**Data provided:**
* * * * *
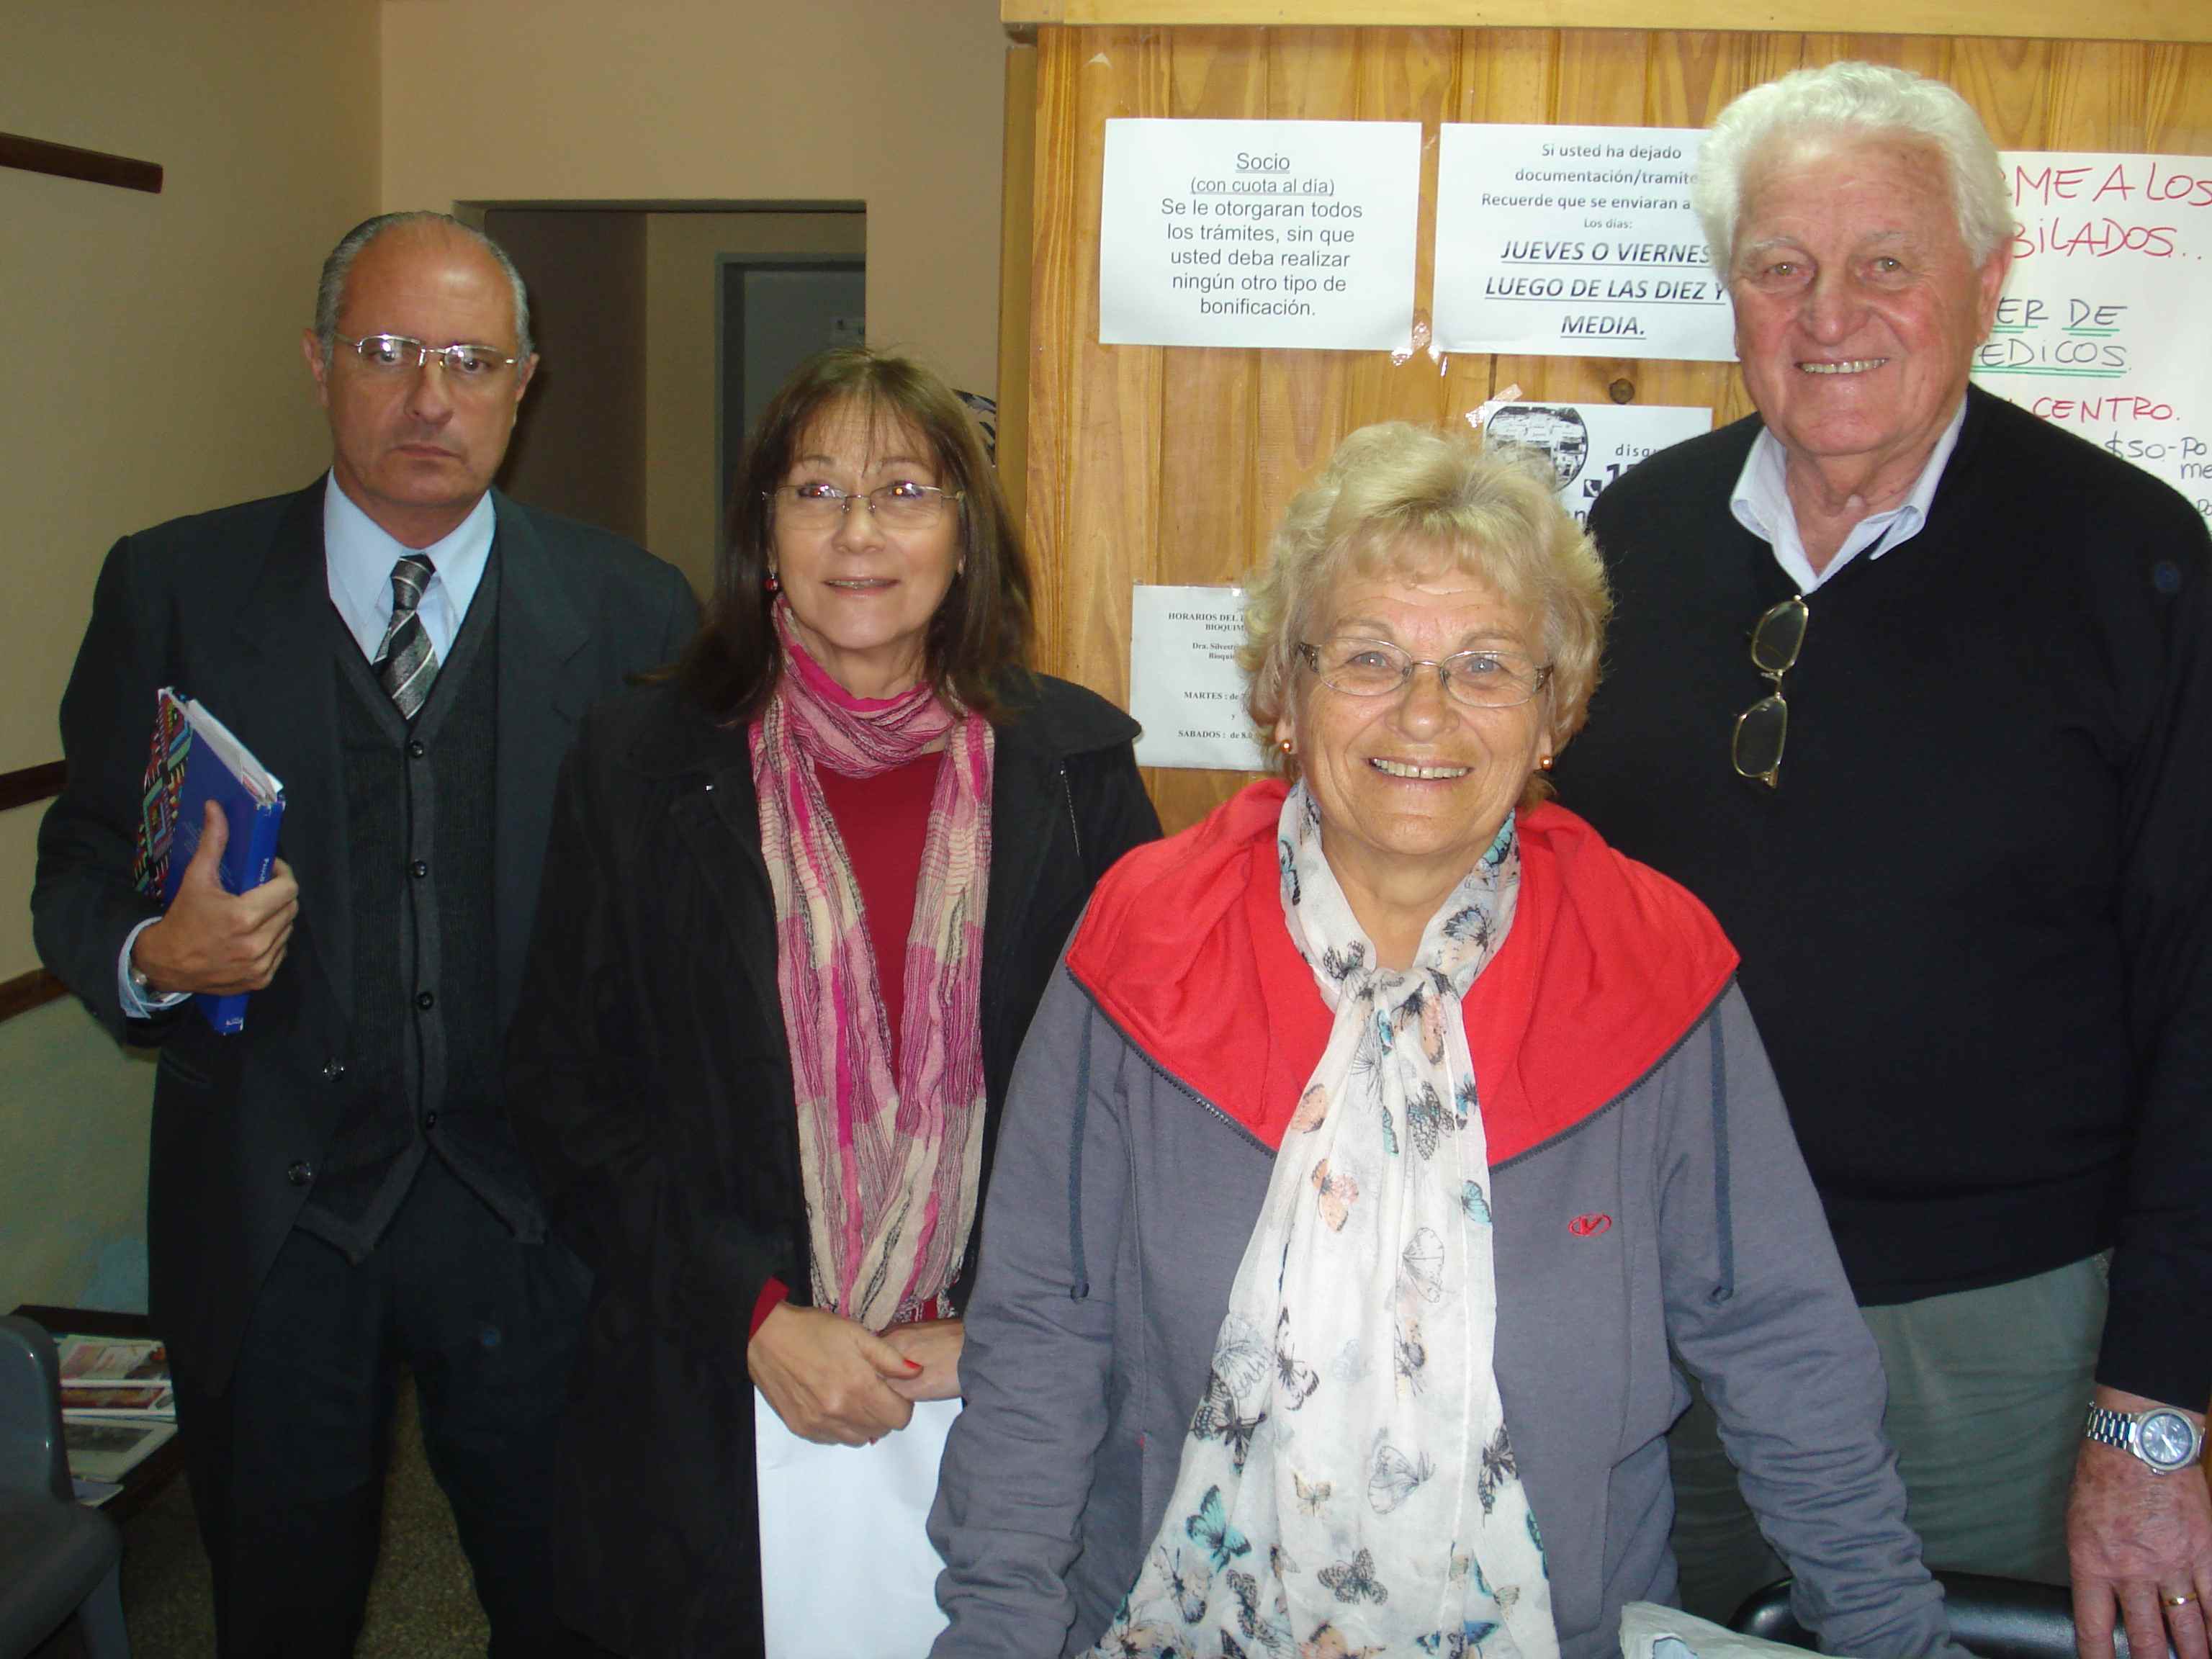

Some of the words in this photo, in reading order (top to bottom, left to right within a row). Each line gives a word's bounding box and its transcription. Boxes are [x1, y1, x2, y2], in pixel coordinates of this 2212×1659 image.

[1236, 153, 1290, 171] Socio
[1542, 144, 1555, 157] Si
[1559, 145, 1601, 158] usted
[1606, 145, 1624, 158] ha
[1629, 145, 1682, 161] dejado
[1190, 177, 1226, 194] (con
[1232, 179, 1277, 192] cuota
[1282, 179, 1297, 192] al
[1302, 178, 1335, 195] día)
[2007, 165, 2092, 207] ME
[2092, 163, 2135, 202] A
[2146, 162, 2212, 206] LOS
[1161, 198, 1186, 215] Se
[1192, 199, 1208, 215] le
[1215, 202, 1304, 220] otorgaran
[1311, 202, 1363, 217] todos
[1481, 193, 1552, 207] Recuerde
[1557, 196, 1586, 210] que
[1591, 197, 1606, 208] se
[1611, 197, 1678, 210] enviaran
[1682, 199, 1690, 210] a
[1583, 219, 1602, 228] Los
[1606, 219, 1632, 229] días:
[1167, 224, 1193, 240] los
[1200, 225, 1280, 243] trámites,
[1287, 226, 1313, 242] sin
[1320, 229, 1354, 246] que
[1170, 249, 1221, 264] usted
[1228, 251, 1274, 266] deba
[1280, 251, 1350, 267] realizar
[1501, 240, 1584, 260] JUEVES
[1591, 243, 1608, 260] O
[1617, 243, 1709, 264] VIERNES
[1172, 273, 1235, 293] ningún
[1241, 276, 1277, 290] otro
[1283, 275, 1316, 295] tipo
[1323, 276, 1346, 292] de
[1485, 276, 1563, 297] LUEGO
[1570, 279, 1599, 297] DE
[1606, 280, 1647, 299] LAS
[1655, 282, 1707, 300] DIEZ
[1714, 282, 1725, 300] Y
[1200, 298, 1316, 316] bonificación.
[1996, 297, 2049, 327] ER
[2069, 299, 2127, 327] DE
[1561, 315, 1645, 335] MEDIA.
* * * * *
Take each line above that contains "usted" and copy it out.

[1559, 145, 1601, 158] usted
[1170, 249, 1221, 264] usted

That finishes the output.